The 48 Group Club says it tries to improve trade relations between Britain and China, but a new book claims it was founded by secret members of the British Communist Party and spreads Beijing’s propaganda in the UK.
Greetings: Stephen Perry meets President Xi Jinping in China in 2018
The MoS has now established that Mr Perry, 71, donated £5,000 to Labour in 1997. The following year he gave a further £5,000 and £25,000 in 1999.
Two years later, Mr Perry was at the centre of a row when it emerged he had become a key adviser on China to the Blair government. But his funding of Labour continued. In August 2016, he donated £22,500 towards the campaign by Owen Smith to become leader of the party. He eventually lost to Jeremy Corbyn.
The accusations about the 48 Group Club’s activities are made in a book, Hidden Hand, by Clive Hamilton and Mareike Ohlberg. The book, which has been published in Australia and Canada and will soon be available in the UK – claims the club was founded in 1953 by three members of the British Communist Party. It is named after a delegation of 48 British businessmen who visited China on a trade mission.
Hidden Hand claims the three founders of the Group – Jack Perry, the father of Stephen Perry, and his two close associates, Roland Berger and Bernard Buckman – were secret British Communist Party members.
The authors allege: ‘At the instigation of a member of the standing committee of the Politburo, Zhou Enlai [first Chinese Premier], the 48 Group was the work of three secret members of the Communist Party of Great Britain.’
Hidden Hand accuses Stephen Perry, who runs London Export Corporation, a business set up by his father, of parroting the Chinese Communist Party’s propaganda in the UK and praising its authoritarian president, Xi Jinping, as the leader who ‘frees minds’.
In a blog in April last year, Mr Perry wrote: ‘A new world is coming and its conceptual source has a name on it – Xi Jinping. We would be smart to recognise a partner and not turn our backs.’
Last night, Mr Perry did not respond to questions sent by this newspaper. He has previously said: ‘Being an independent body, the 48 Group Club does not have a formal relationship with any other organisation, whether inside or outside China.’
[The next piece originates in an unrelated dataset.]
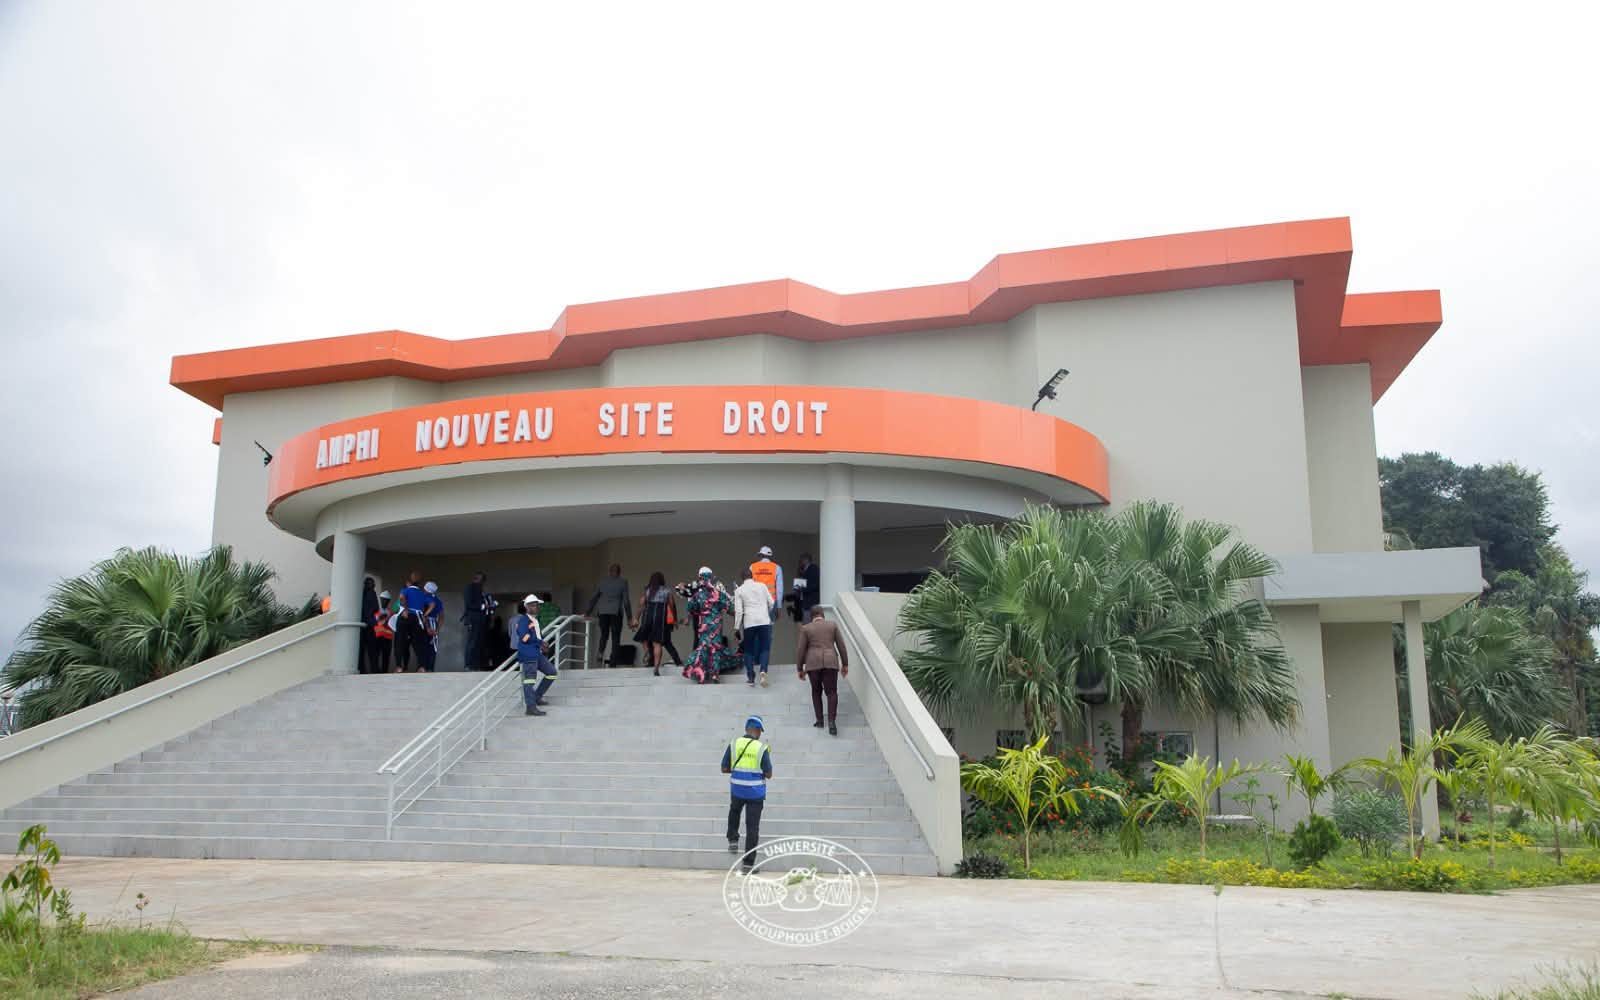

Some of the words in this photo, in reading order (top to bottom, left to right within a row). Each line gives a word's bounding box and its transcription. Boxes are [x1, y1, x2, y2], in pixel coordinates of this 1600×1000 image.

Mr Perry has also said he has written to the publishers of the Hidden Hand to correct factual errors. He also rejects claims that the group targets elites. The 48 Group Club also failed to comment on whether Jack Perry was a member of the British Communist Party.
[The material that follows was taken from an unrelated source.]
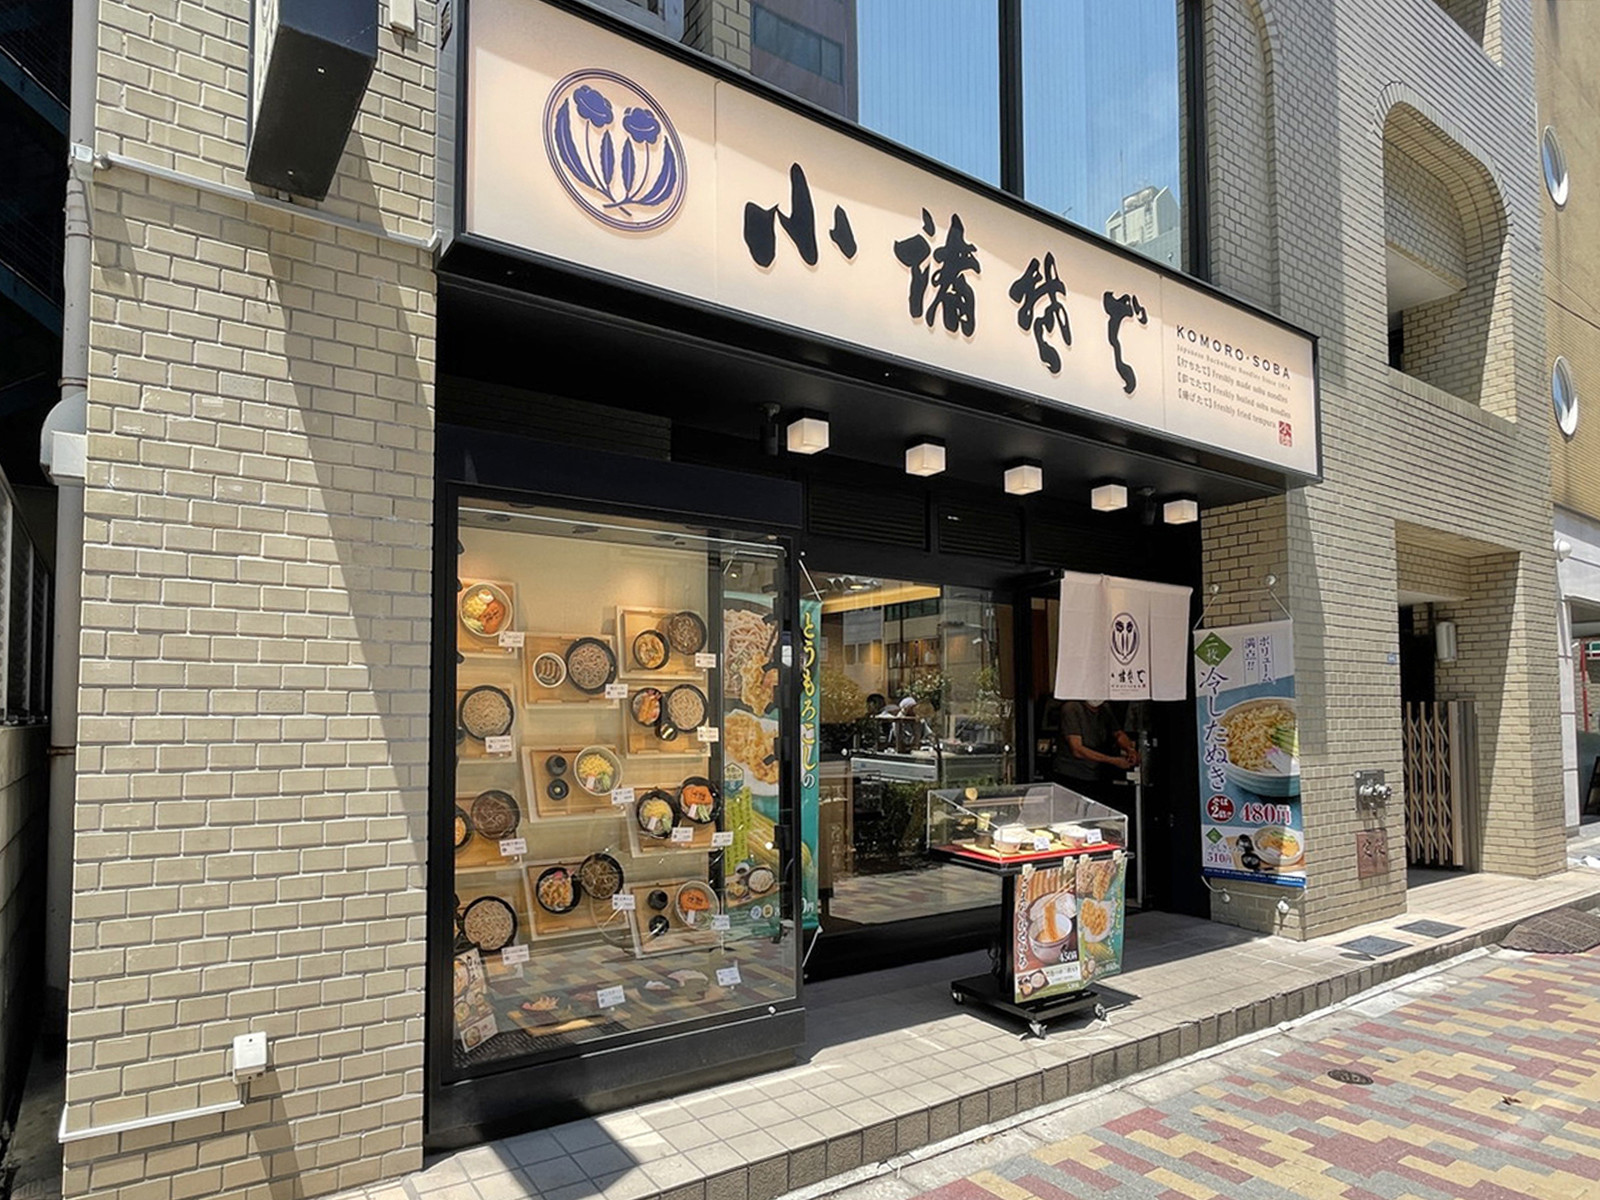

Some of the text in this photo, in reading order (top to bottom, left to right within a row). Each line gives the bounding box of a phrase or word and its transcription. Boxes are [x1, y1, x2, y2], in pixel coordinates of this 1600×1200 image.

According to Hidden Hand, the agency recruits from 120,000 Chinese students in British universities and asks them to campaign on behalf of China.
If, for example, an anti-Chinese protest is held in the UK, the UFWD could potentially mobilise its young recruits to stage a counter-demonstration.
But sources close to Xuelin say her work with the Zhejiang association ended before it merged with the UFWD. Last night, Lady Bates declined to comment on whether she was the executive vice-president on the UK Chinese Association for the Promotion of National Reunification. But sources said she had an identical role in a similarly named organisation between 2015 and 2018.
Originally from Hangzhou, Xuelin studied architecture at Zhejiang University and was regarded as bright with a phenomenal work ethic. After graduating with a masters degree, she moved to London to ‘pursue a broader horizon of knowledge’.
She studied English before getting a job with a firm of architects, where she remained for five years. During this period, she married a British doctor and had a son but the marriage foundered.
Switching careers, she launched an import-export business, bringing clothes, shoes and handbags from China. Xuelin targeted UK importers, recalling: ‘At that time, I called customers one by one and visited them door to door.’ In time, her business was successful, as was a property company she launched.
A glowing portrait of Xuelin published in China noted that she ‘acquired dilapidated houses’ in the ‘noble areas of Central London’ and after renovation ‘obtained huge commercial returns’.
But politics was beginning to absorb Xuelin. By 2010, she was sitting on quite a fortune. One way of obtaining Westminster acceptance, she knew, was through largesse.
Some years earlier, Xuelin learned the value of a thoughtful donation when she was made a papal dame by Pope Benedict XVI.
Papal knighthoods are normally awarded to lay men and women for conspicuous service to the Church and society and are among the highest honours the Pope can bestow.
In 2011, The Mail on Sunday revealed that Father Michael Seed, who regularly celebrated Mass for Tony Blair and his family in Downing Street, had arranged papal knighthoods for wealthy businessmen in return for donations to an archbishop friend’s charity in Serbia.
Friends in high places: With former Prime Minister David Cameron
Xuelin was friendly with Father Michael and was introduced to Archbishop Eugenio Sbarbaro at a party.
‘He [the Archbishop] told me about his good work and asked if I could help,’ she said. ‘I didn’t expect to become a papal dame.’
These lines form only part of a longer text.